Kalenjin prehistory

Kalenjin prehistory refers to the history of the linguistic ancestors of the Kalenjin people before the adoption of writing, this being from the time they separated from the Highland Nilotes (estimated to correspond to the late 1st millennium AD) and before, until the mid-19th century. The Kalenjin like a number of African and other world cultures had an oral tradition. The efficacy of the tradition is highlighted by confirmation of narratives spanning thousands of years using contemporary studies such as linguistics and archaeology, although the details in the narratives have often been distilled to the bare essential. The terms "ancient history", "early history", and "pre-colonial history" are also used by different sources to describe this same period of Kalenjin history.

Origins

Areas where Nilotic languages are spoken.
Main article: Nilotic peoples

Linguistic evidence points to the eastern Middle Nile Basin south of the Abbai River as the ancient homelands of the Kalenjin. That is to say south-east of present-day Khartoum. They were not a distinct group of people at this time but part of a wider society today referred to as Nilotic peoples.[1]

The Nilotic point of unity is thought to have occurred sometime between 3000 and 2000 B.C., although the form that this unity took and much of their way of life at this time still remains unclear.

Beginning in the second millennium B.C., particular Nilotic communities began to move southward into present day South Sudan where most settled. However the societies today referred to as the Southern Nilotes pushed further on, reaching what is present day north-eastern Uganda by 1000 B.C.[1] The most northern area that is recognized as inhabited by these early Kalenjin lies in the present day Jie and Dodoth country in Uganda.[2]

Early presence in Kenya

The Southern Nilotic societies later moved into western Kenya by 700 B.C., where they settled next to and were deeply influenced by particular Cushitic societies that had preceded them in Kenya.

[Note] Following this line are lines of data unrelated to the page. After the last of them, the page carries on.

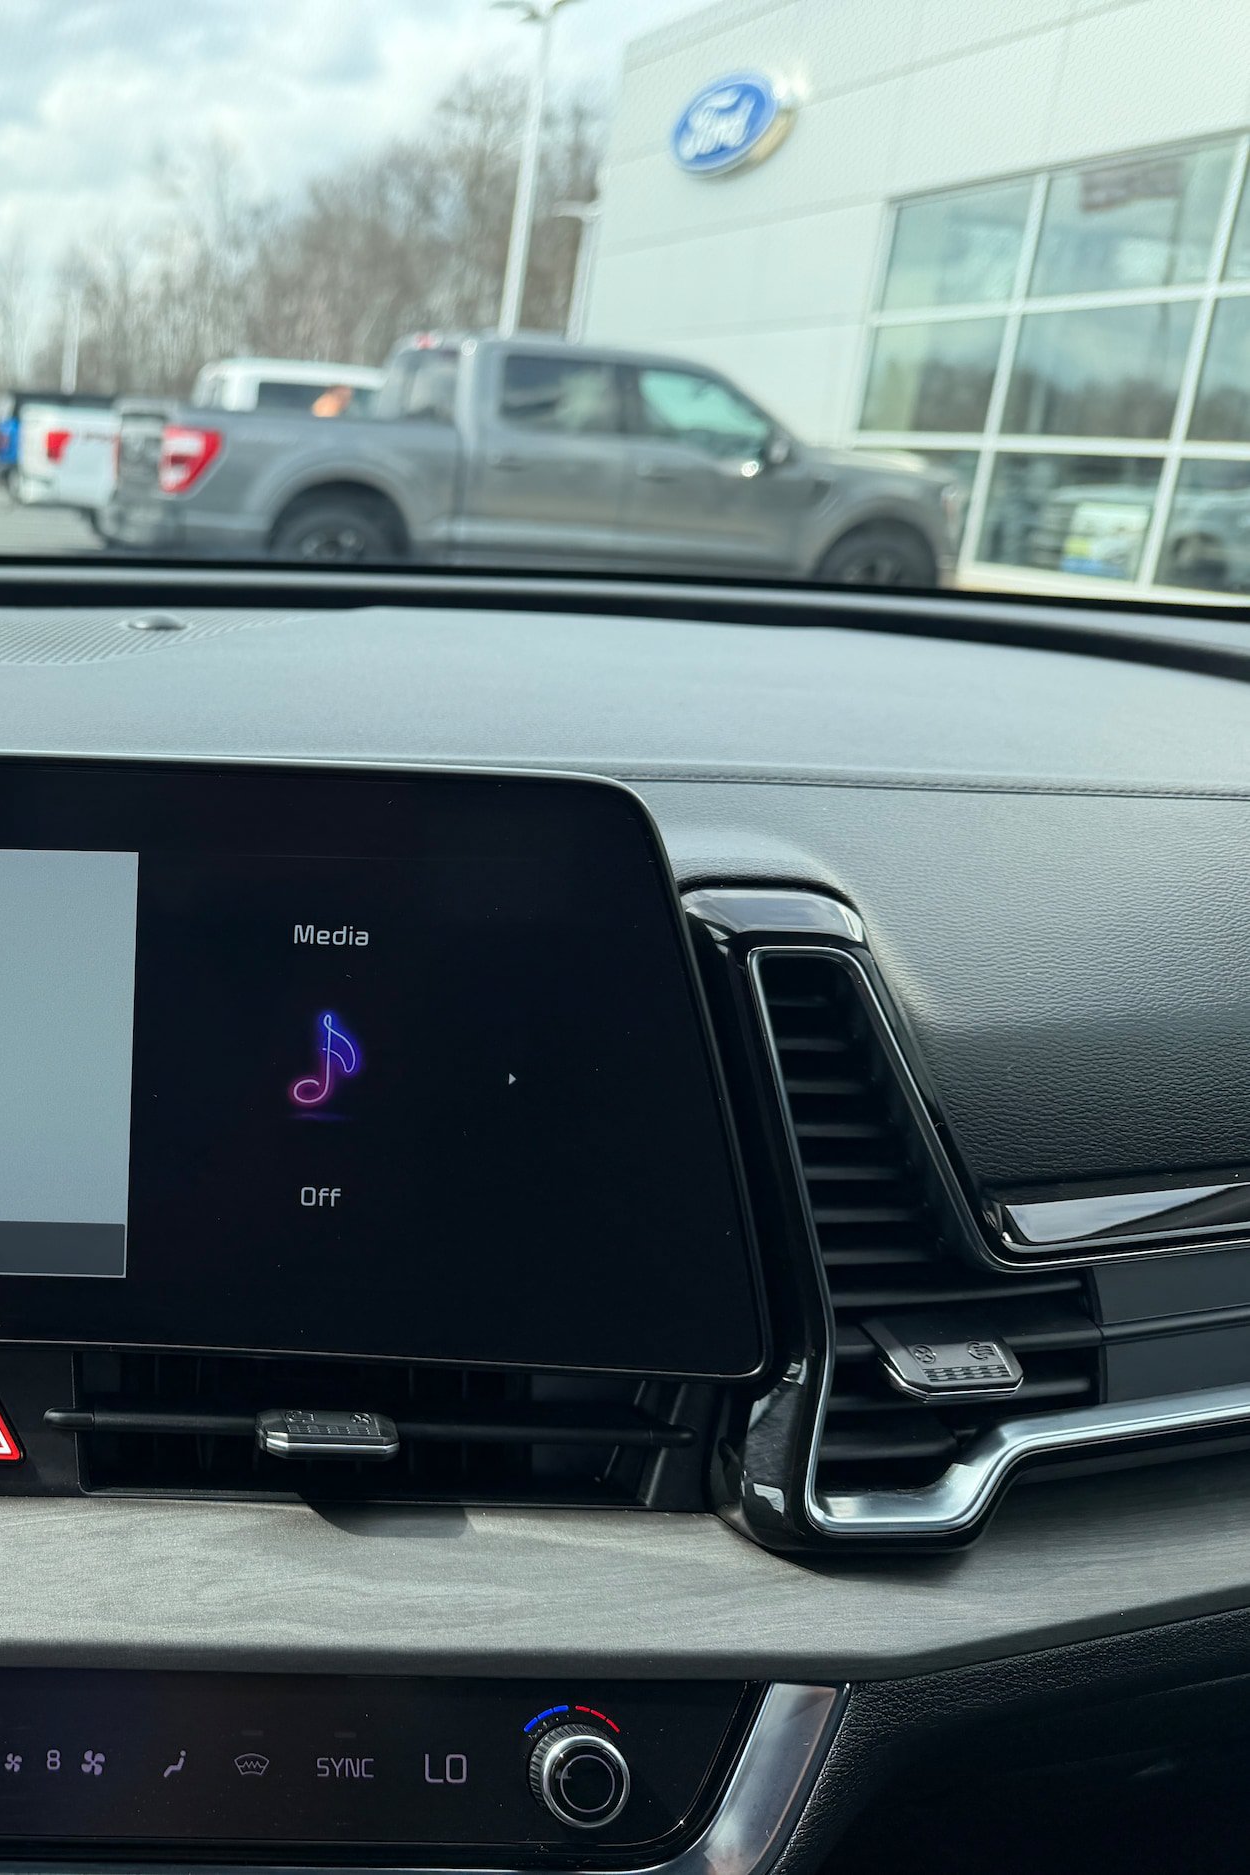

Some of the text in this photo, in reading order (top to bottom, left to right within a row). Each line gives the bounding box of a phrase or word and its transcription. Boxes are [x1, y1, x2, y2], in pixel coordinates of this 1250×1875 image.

[677, 86, 756, 161] Ford
[293, 924, 370, 947] Media
[300, 1186, 342, 1208] Off
[46, 1749, 61, 1770] 8
[316, 1757, 375, 1778] SYNC
[424, 1753, 468, 1784] LO

This impact was most notable in borrowed loan words, adoption of the practice of circumcision, and the cyclical system of age-set organisation.[3]

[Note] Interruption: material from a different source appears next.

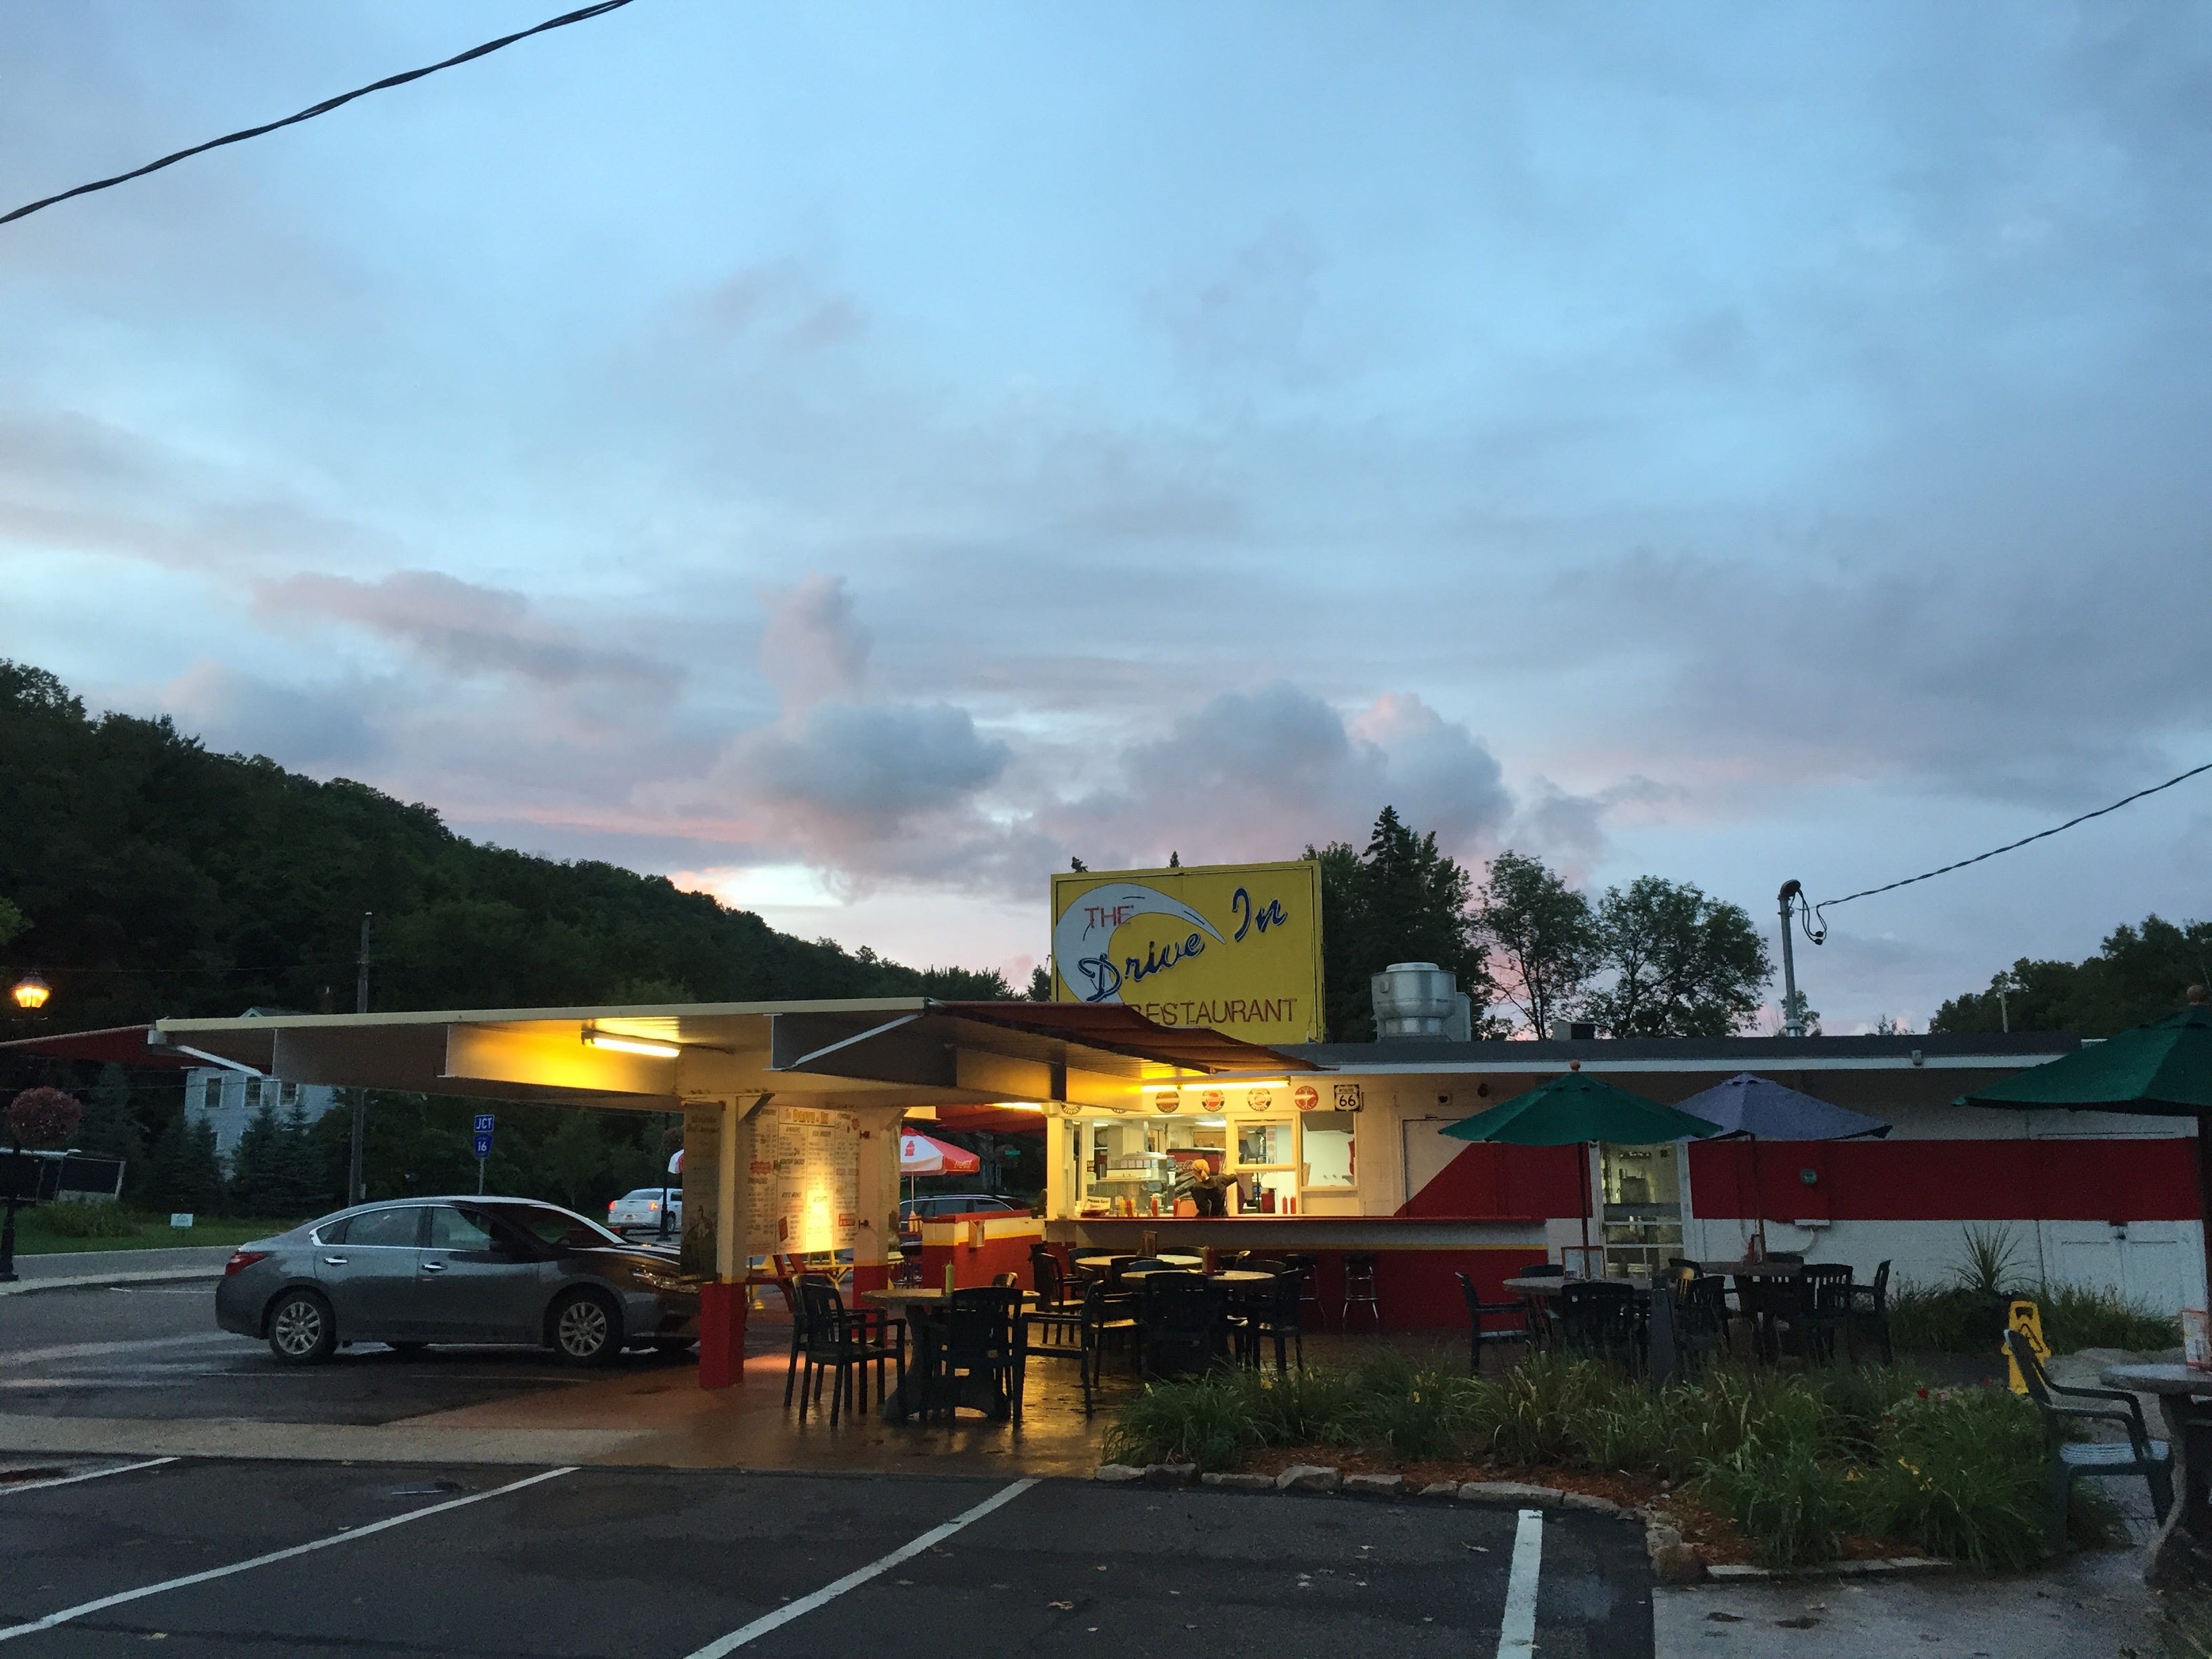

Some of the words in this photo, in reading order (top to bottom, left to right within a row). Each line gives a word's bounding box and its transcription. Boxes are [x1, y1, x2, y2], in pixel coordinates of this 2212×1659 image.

A number of historical narratives from the various Kalenjin sub-tribes point to Tulwetab/Tuluop Kony (Mount Elgon) as their original point of settlement in Kenya. Of note is that these accounts come from the Southern Kalenjin while the Kalenjin closer to Kony, and in particular the Sebeii/Sabaot who live around Mount Elgon, point to Kong'asis (the East) and more specifically the Cherangani Hills as their original homelands in Kenya.[4]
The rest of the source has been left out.